### Task requirements
Without any images, write the listing below out word for word.
--- Information given ---
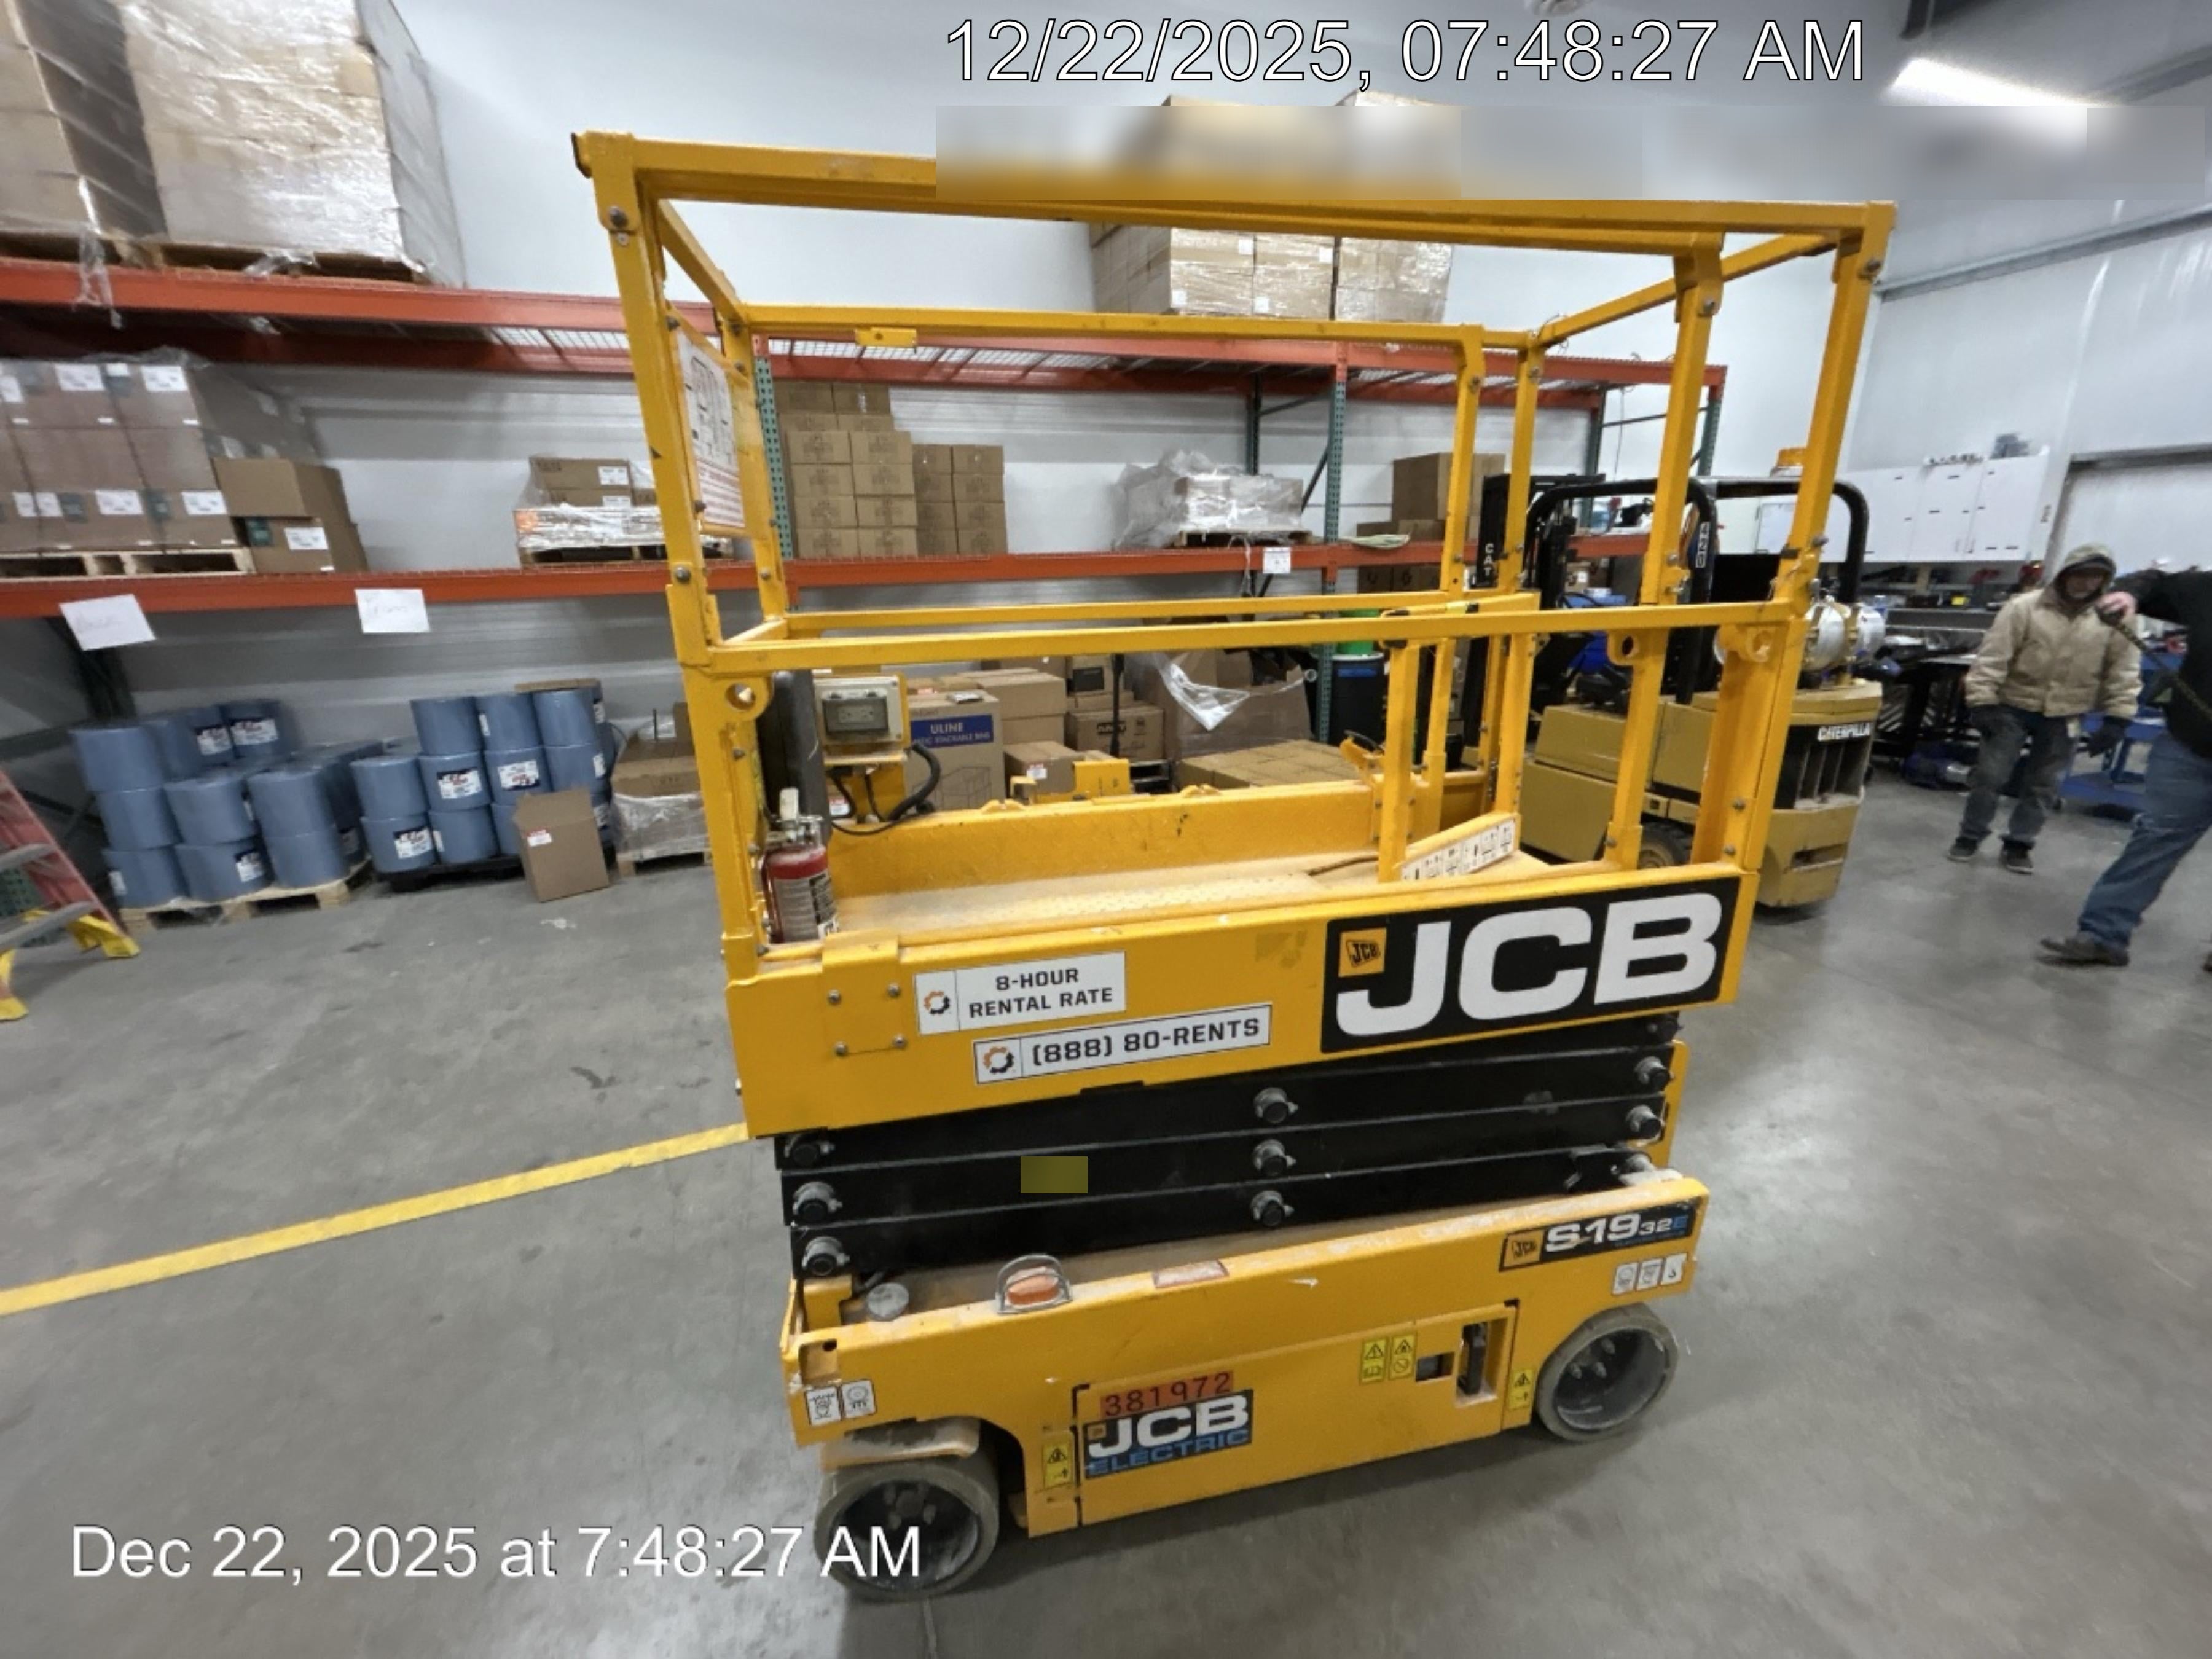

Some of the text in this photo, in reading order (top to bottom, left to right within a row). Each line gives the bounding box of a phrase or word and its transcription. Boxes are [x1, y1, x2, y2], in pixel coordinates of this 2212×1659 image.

[1483, 542, 1495, 577] CAT
[930, 722, 964, 735] ULINE
[1335, 893, 1723, 1037] JCB
[1352, 943, 1381, 965] JCB
[995, 968, 1079, 991] 8-HOUR
[969, 987, 1113, 1018] RENTAL RATE
[1032, 1017, 1260, 1066] (888) 80-RENTS
[1105, 1371, 1231, 1417] 381972
[1088, 1394, 1249, 1458] JCB
[1086, 1428, 1250, 1476] ELECTRIC
---
### Result for this exercise
Some of the text in this photo, in reading order (top to bottom, left to right within a row). Each line gives the bounding box of a phrase or word and its transcription. Boxes are [x1, y1, x2, y2], in pixel coordinates of this 2212×1659 image.

[1483, 542, 1495, 577] CAT
[930, 722, 964, 735] ULINE
[1335, 893, 1723, 1037] JCB
[1352, 943, 1381, 965] JCB
[995, 968, 1079, 991] 8-HOUR
[969, 987, 1113, 1018] RENTAL RATE
[1032, 1017, 1260, 1066] (888) 80-RENTS
[1105, 1371, 1231, 1417] 381972
[1088, 1394, 1249, 1458] JCB
[1086, 1428, 1250, 1476] ELECTRIC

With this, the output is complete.